━━━━━ Provided data ━━━━━
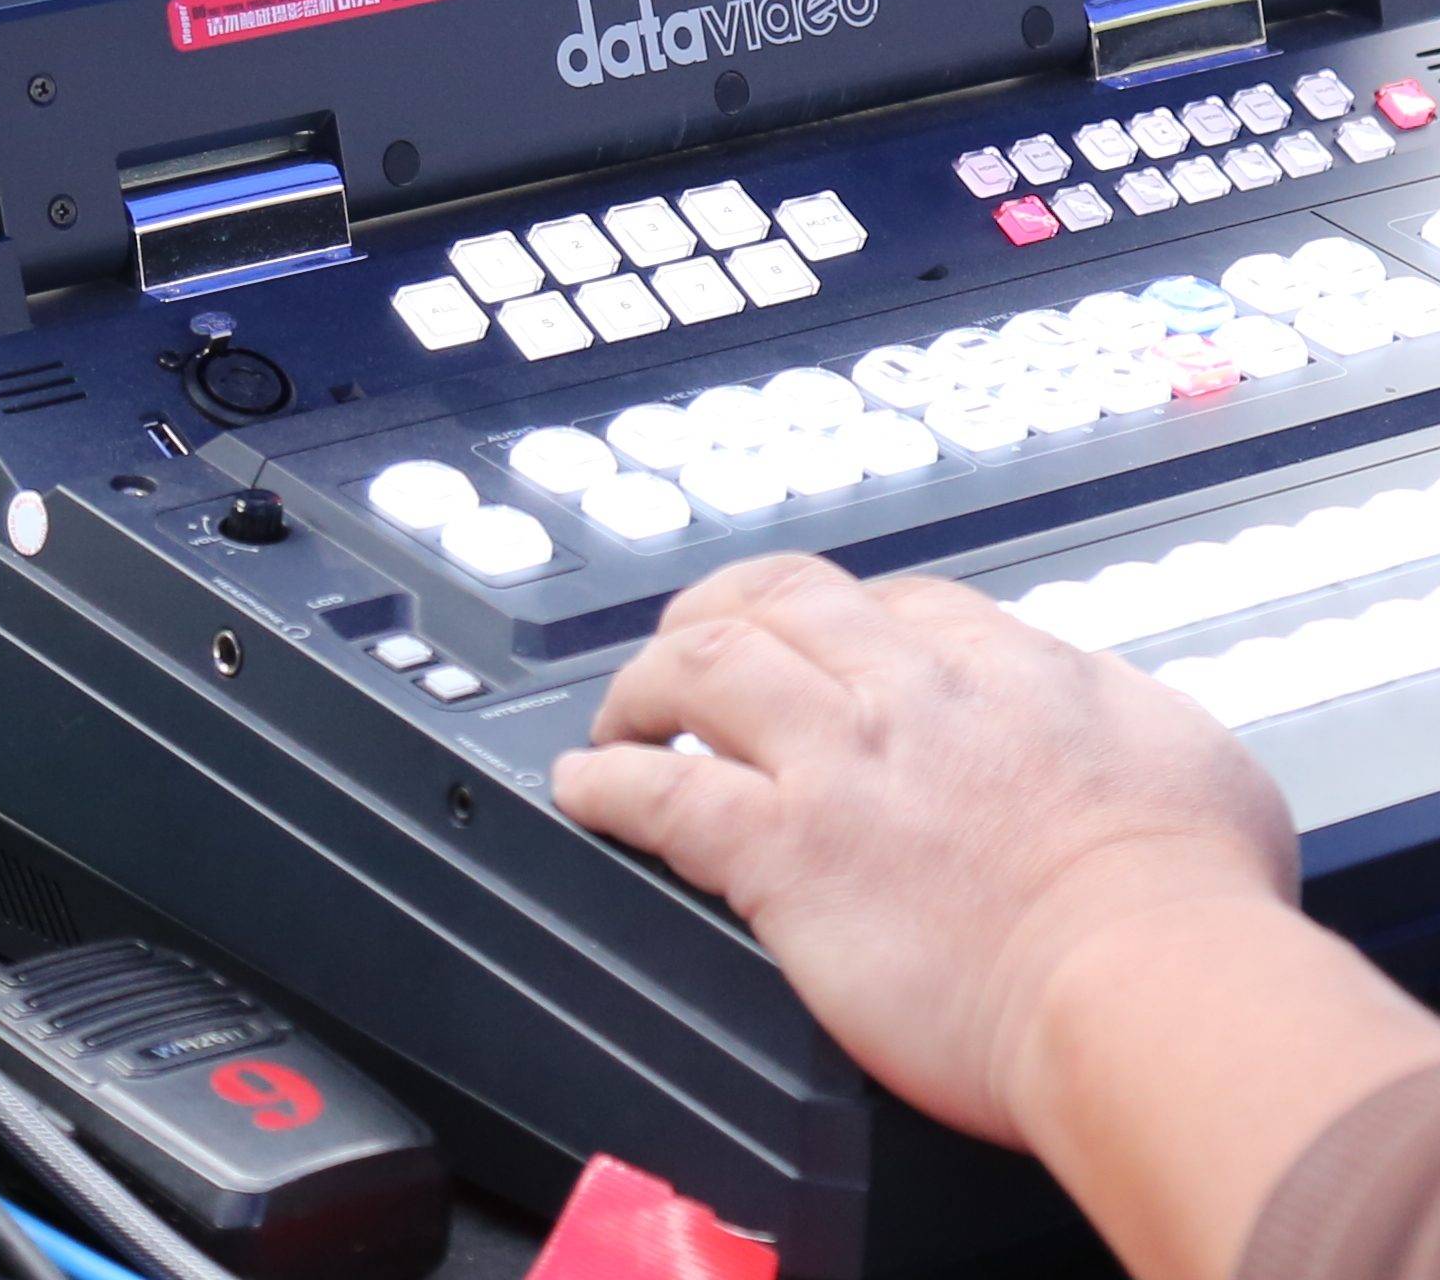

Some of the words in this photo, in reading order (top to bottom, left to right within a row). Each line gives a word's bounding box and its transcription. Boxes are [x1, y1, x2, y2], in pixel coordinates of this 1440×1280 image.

[806, 214, 842, 228] MUTE
[648, 223, 659, 232] 3
[572, 240, 583, 249] 2
[621, 300, 631, 310] 6
[542, 318, 554, 328] 5
[212, 575, 286, 628] HEADPHONE
[307, 594, 345, 610] LCD
[479, 690, 571, 721] INTERCOM
━━━━━
Reproduce the data above in full, exactly, with the images removed.

Exercise solution:
Some of the words in this photo, in reading order (top to bottom, left to right within a row). Each line gives a word's bounding box and its transcription. Boxes are [x1, y1, x2, y2], in pixel coordinates of this 1440×1280 image.

[806, 214, 842, 228] MUTE
[648, 223, 659, 232] 3
[572, 240, 583, 249] 2
[621, 300, 631, 310] 6
[542, 318, 554, 328] 5
[212, 575, 286, 628] HEADPHONE
[307, 594, 345, 610] LCD
[479, 690, 571, 721] INTERCOM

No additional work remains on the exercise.